Frum also didn’t claim that marijuana causes schizophrenia-if it did, the increase in marijuana use over the past 100 years would have produced a prevalence of schizophrenia much higher than the current .81% of the U.S. population. Nevertheless, the research is overwhelming regarding this point: Marijuana use is clearly contraindicated among those with a family history of schizophrenia or those with a current diagnosis of schizophrenia.

But to argue that marijuana should remain illegal for everyone because its use is contraindicated in 0.81 percent of the population is nonsensical, especially considering the high cost (both in money and lives ruined) of the marijuana laws.
Be that as it may, according to Mother Jones magazine, Loughner hadn’t smoked marijuana for some time before the shootings. A close friend of the assassin told the magazine he had gone “Straight Edge.”
“He was clean, clean,” the friend said. “I saw him after that continuously. He would not do it.”
The friend also said that after quitting pot, Loughner suddenly became far more of a psychopath than when he was actively using marijuana.

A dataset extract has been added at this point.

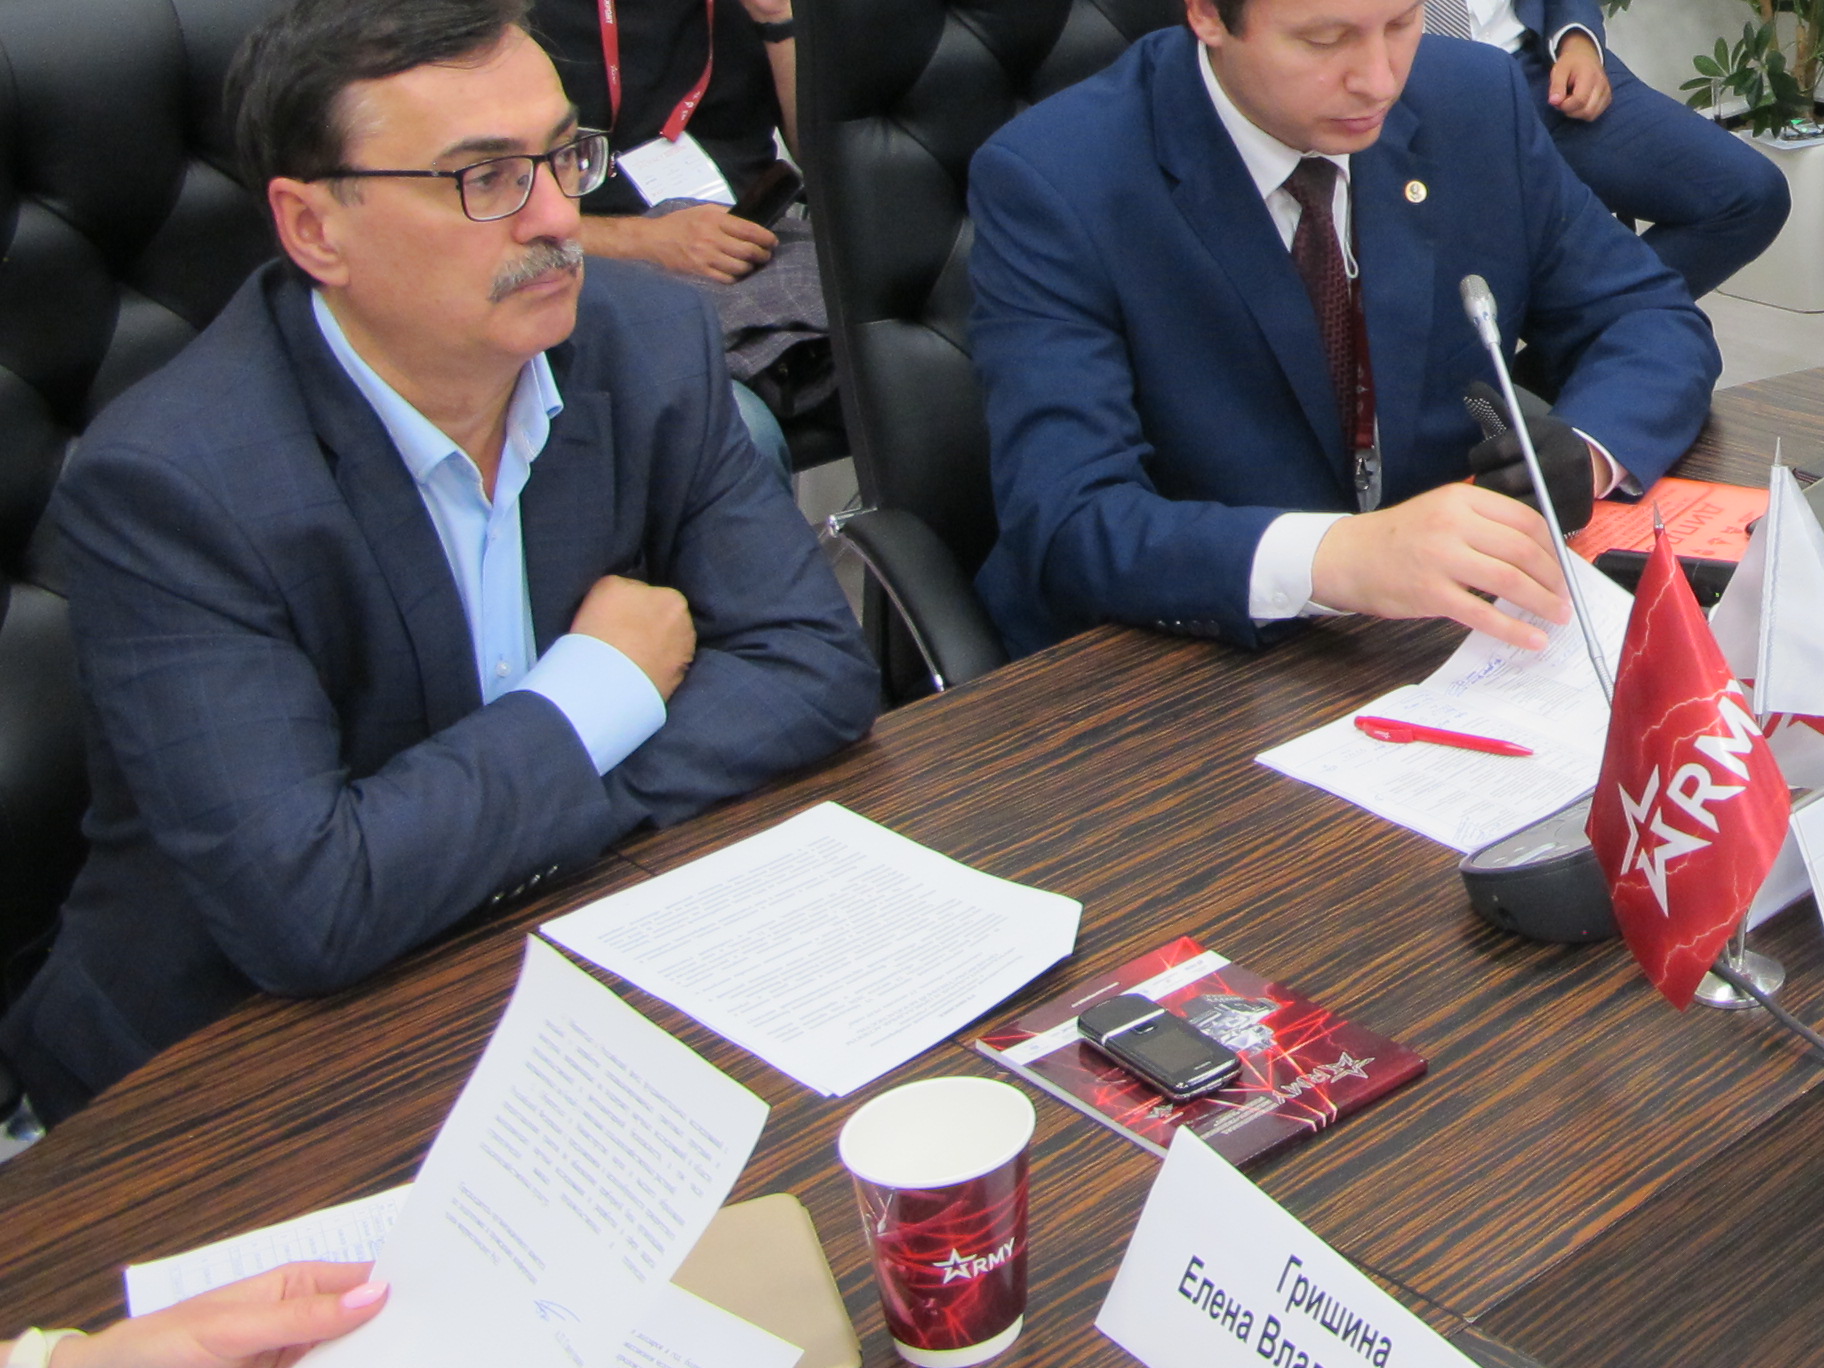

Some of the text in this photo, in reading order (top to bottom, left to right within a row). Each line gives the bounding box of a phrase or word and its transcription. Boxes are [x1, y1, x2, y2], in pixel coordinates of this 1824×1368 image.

Frum also did not suggest how the U.S. might go about making access to marijuana more difficult, since the stuff is already illegal coast to coast under federal law, as well as illegal for recreational use under the laws of all 50 states.

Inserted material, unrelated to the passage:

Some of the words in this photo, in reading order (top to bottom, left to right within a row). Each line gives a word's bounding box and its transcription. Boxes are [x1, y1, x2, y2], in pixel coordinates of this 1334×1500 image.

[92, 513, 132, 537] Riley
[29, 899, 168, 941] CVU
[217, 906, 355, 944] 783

Despite its illegal nature — and perhaps at least partially because of it — marijuana is easily available almost everywhere. Reform advocates point to research showing that many teens today find it easier to get marijuana than either alcohol or tobacco — both legal for adults.
So, how knowledgeable is Frum about the things he’s supposed to know, as opposed to marijuana, about which he doesn’t know shit? Well, we can possibly gain an insight on that by noting his speechwriting specialty during the Bush Administration: Economics.
Remember all those inspiring W speeches on the economy? Exactly — neither do I.